Your task:
Reproduce all the records word for word. Omit images.

Information shown:
┌──

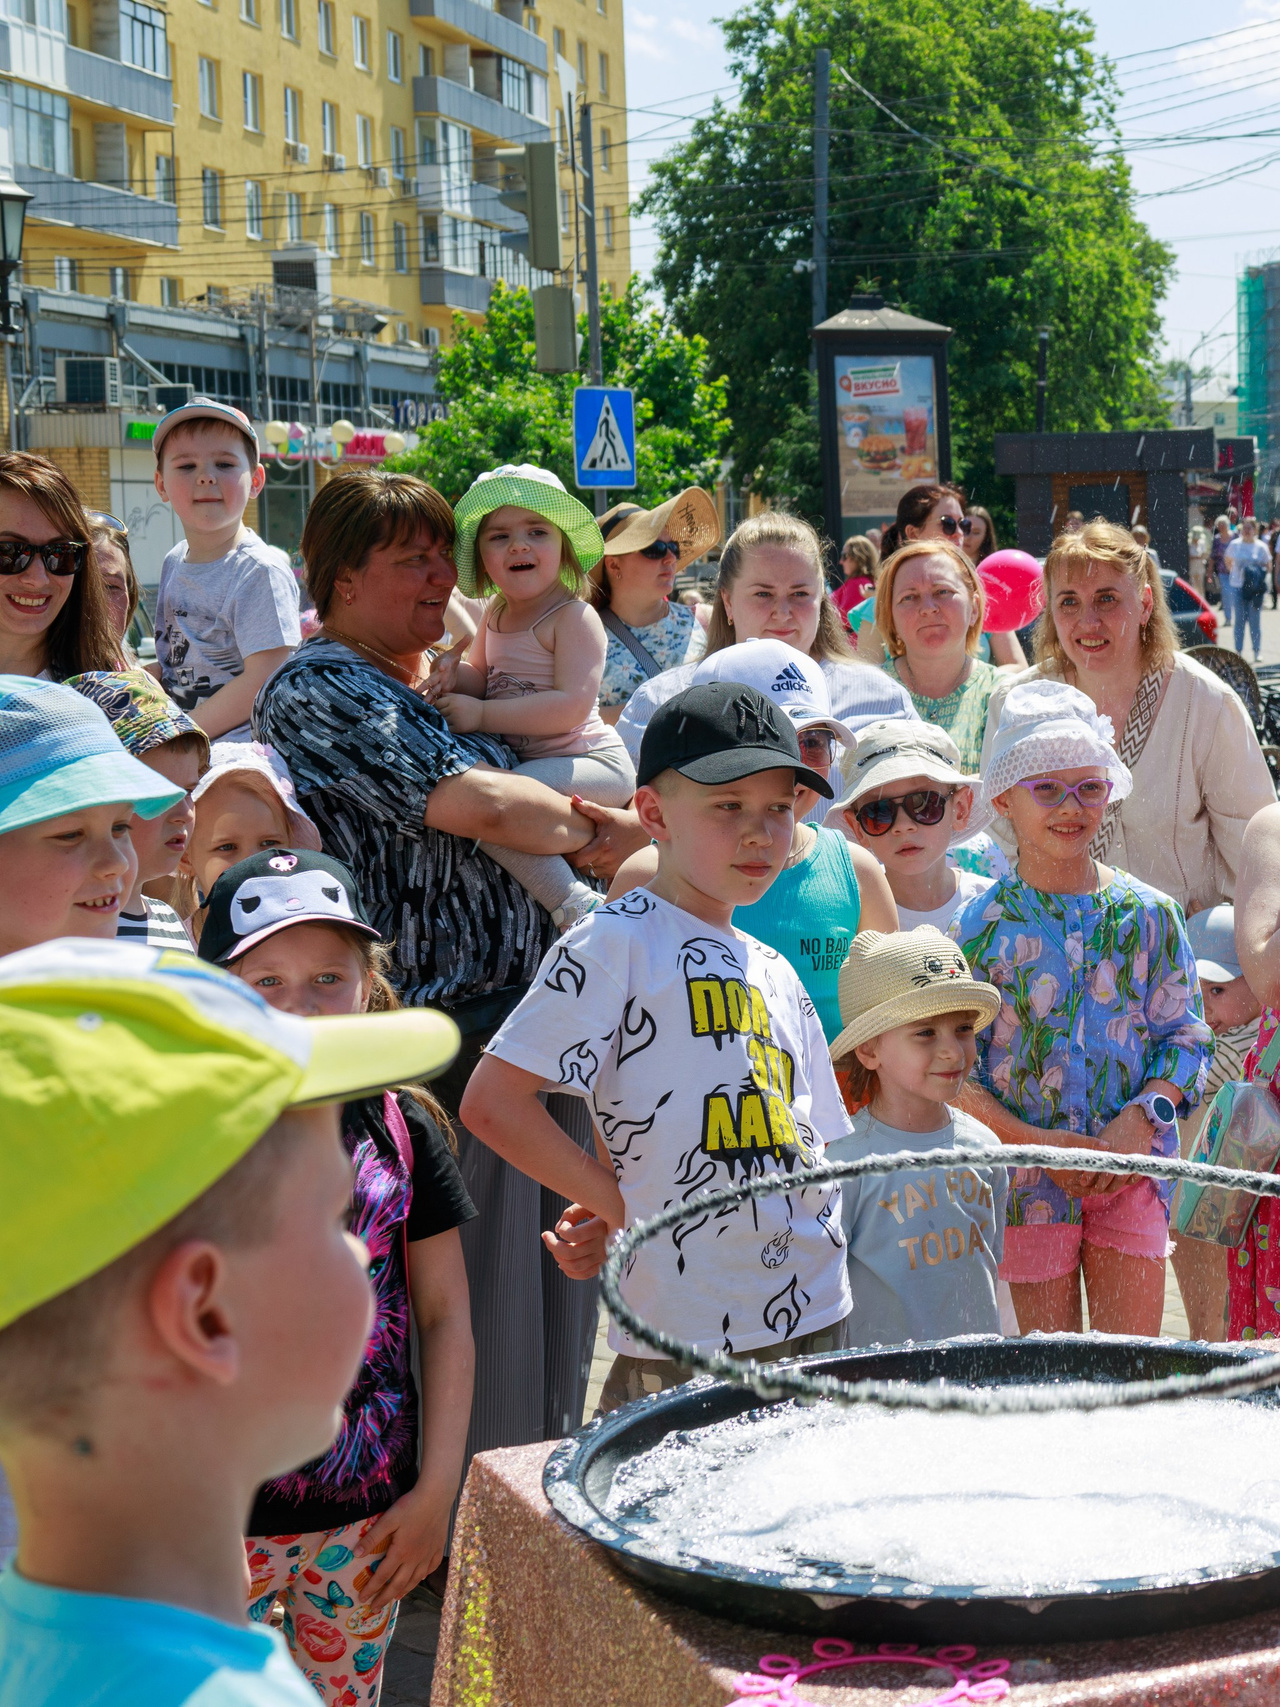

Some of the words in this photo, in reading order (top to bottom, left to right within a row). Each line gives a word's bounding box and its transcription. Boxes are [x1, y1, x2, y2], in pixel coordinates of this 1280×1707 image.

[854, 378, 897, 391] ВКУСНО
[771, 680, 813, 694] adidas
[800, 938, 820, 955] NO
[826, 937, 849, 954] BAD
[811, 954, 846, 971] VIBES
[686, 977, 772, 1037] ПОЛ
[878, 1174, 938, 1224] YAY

└──

Completed task:
Some of the words in this photo, in reading order (top to bottom, left to right within a row). Each line gives a word's bounding box and its transcription. Boxes are [x1, y1, x2, y2], in pixel coordinates of this 1280×1707 image.

[854, 378, 897, 391] ВКУСНО
[771, 680, 813, 694] adidas
[800, 938, 820, 955] NO
[826, 937, 849, 954] BAD
[811, 954, 846, 971] VIBES
[686, 977, 772, 1037] ПОЛ
[878, 1174, 938, 1224] YAY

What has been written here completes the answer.